- **To do**
Make an exact copy of the records, dropping all pictures.
------ Data to examine
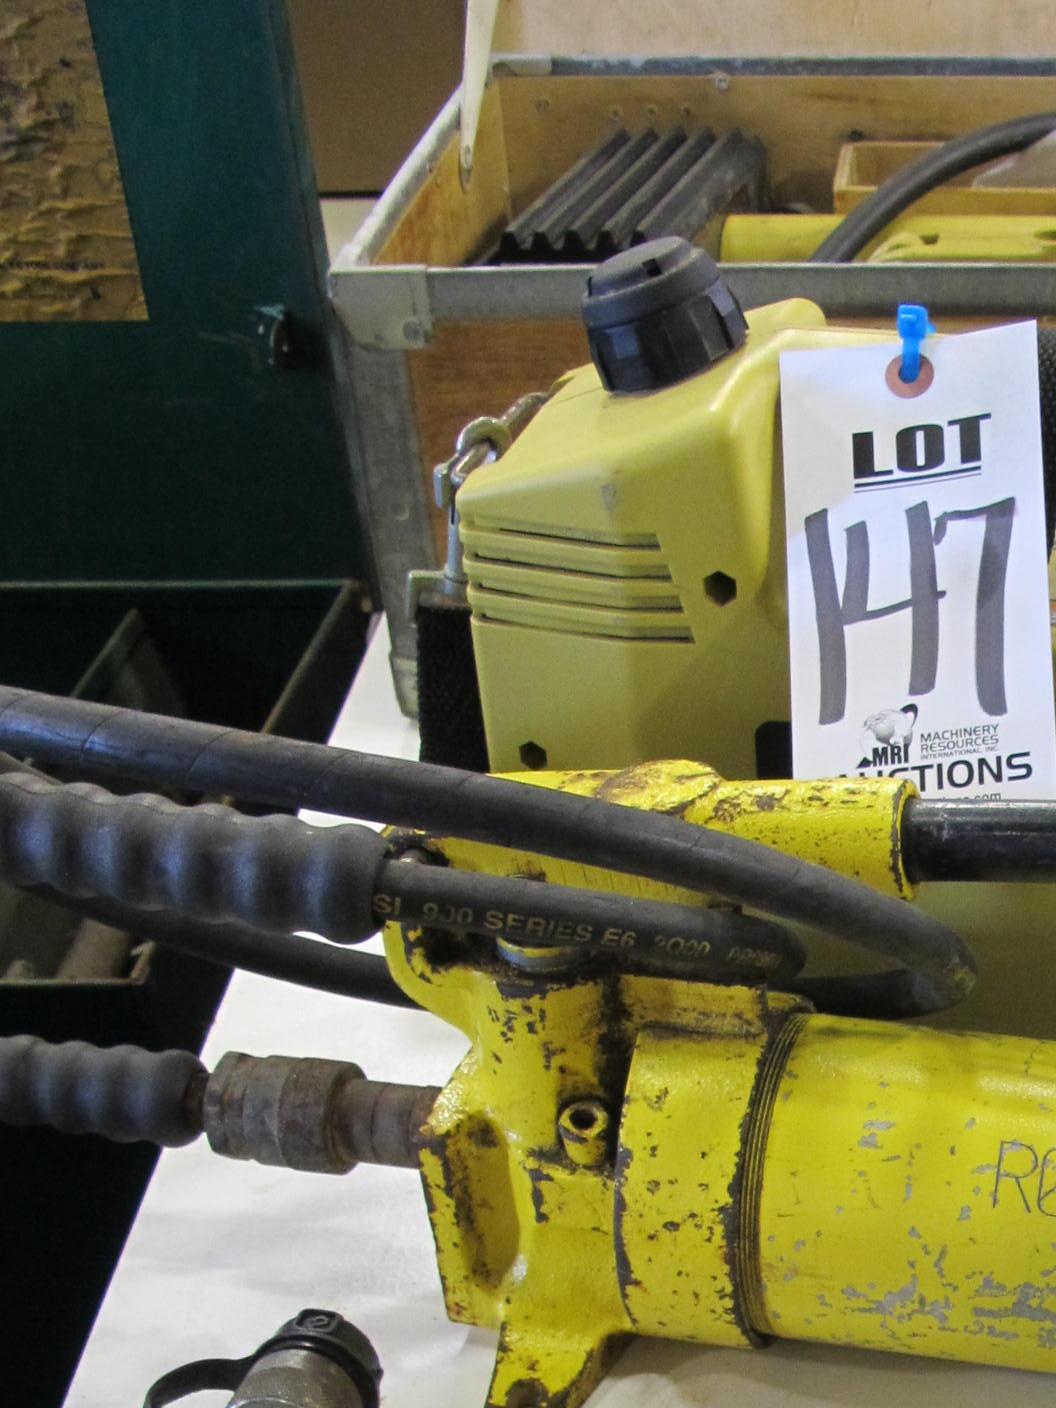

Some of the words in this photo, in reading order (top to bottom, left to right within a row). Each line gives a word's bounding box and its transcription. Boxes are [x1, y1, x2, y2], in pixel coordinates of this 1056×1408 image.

[852, 413, 991, 479] LOT
[805, 497, 1015, 725] 147
[920, 723, 999, 744] MACHINERY
[920, 735, 999, 754] RESOURCES
[872, 744, 909, 767] MRI
[485, 910, 592, 942] SERIES
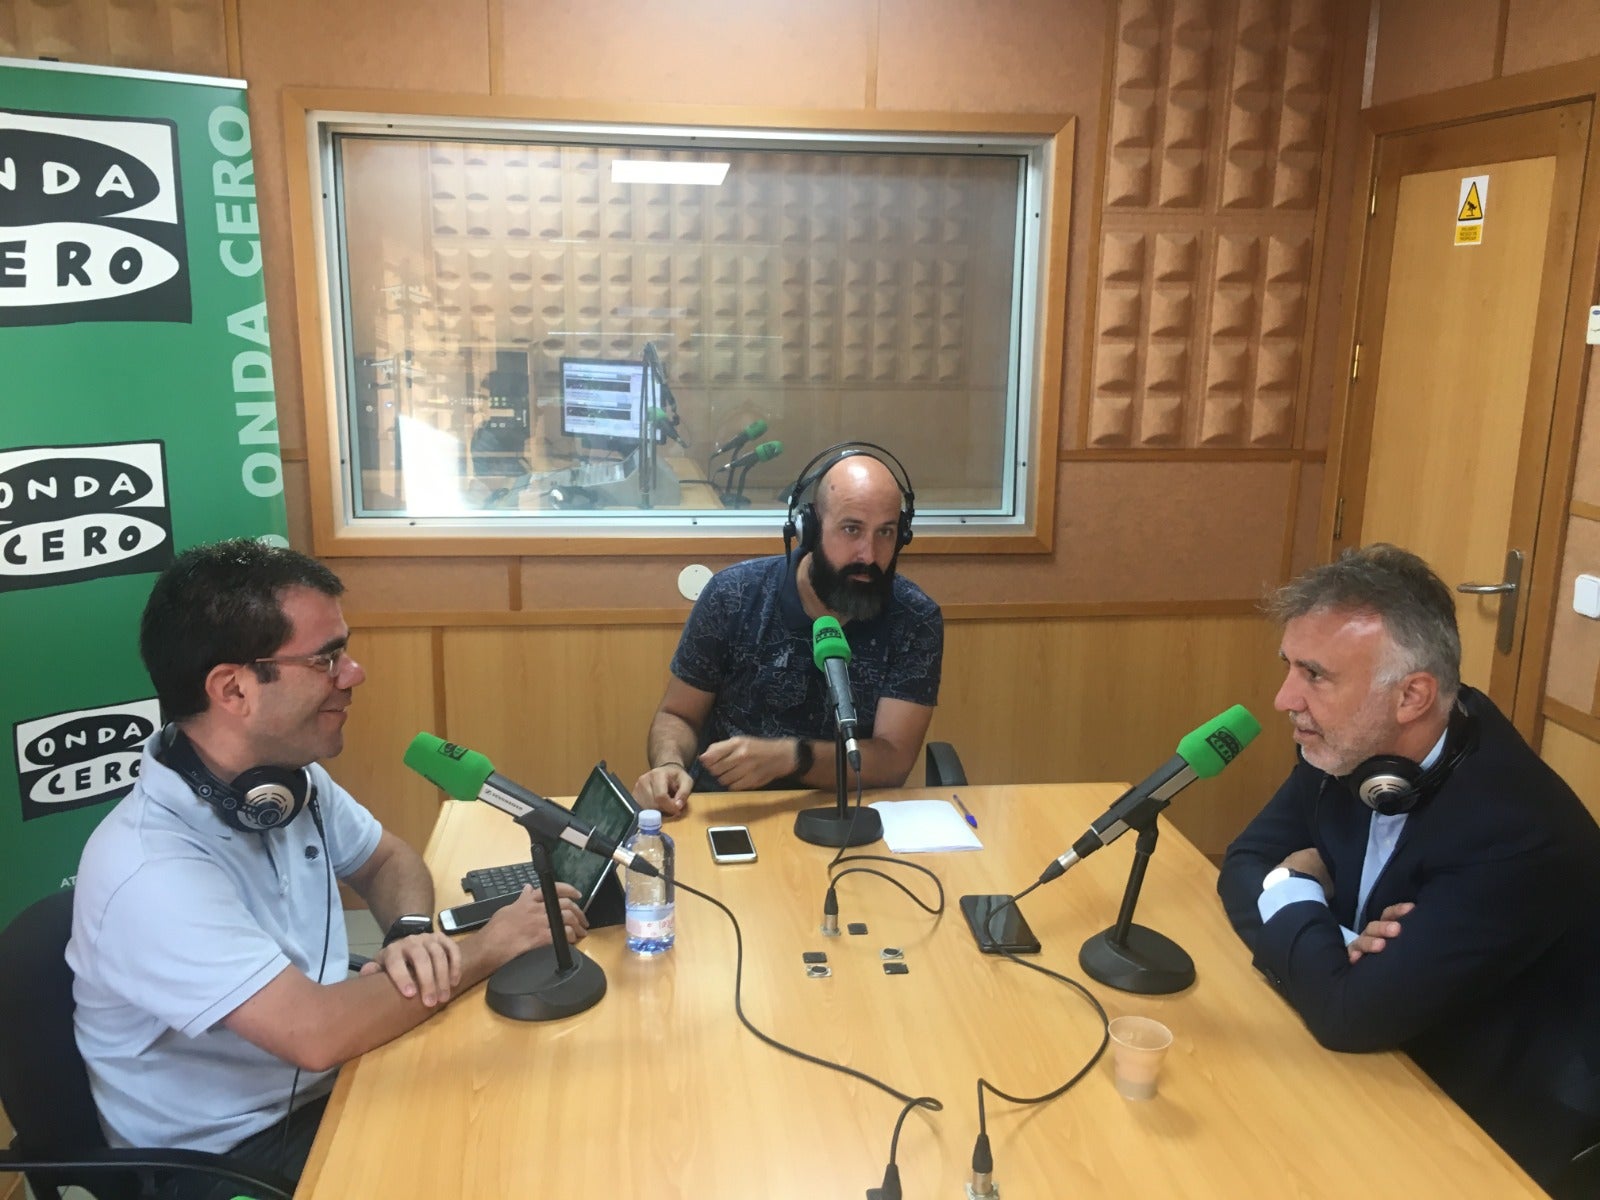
------------
- **Written response**
Some of the words in this photo, in reading order (top to bottom, left to right within a row). Each line gives a word's bounding box and its transcription. Boxes are [x1, y1, x2, y2], in pixel coordinates of this 1056×1408 image.

[852, 413, 991, 479] LOT
[805, 497, 1015, 725] 147
[920, 723, 999, 744] MACHINERY
[920, 735, 999, 754] RESOURCES
[872, 744, 909, 767] MRI
[485, 910, 592, 942] SERIES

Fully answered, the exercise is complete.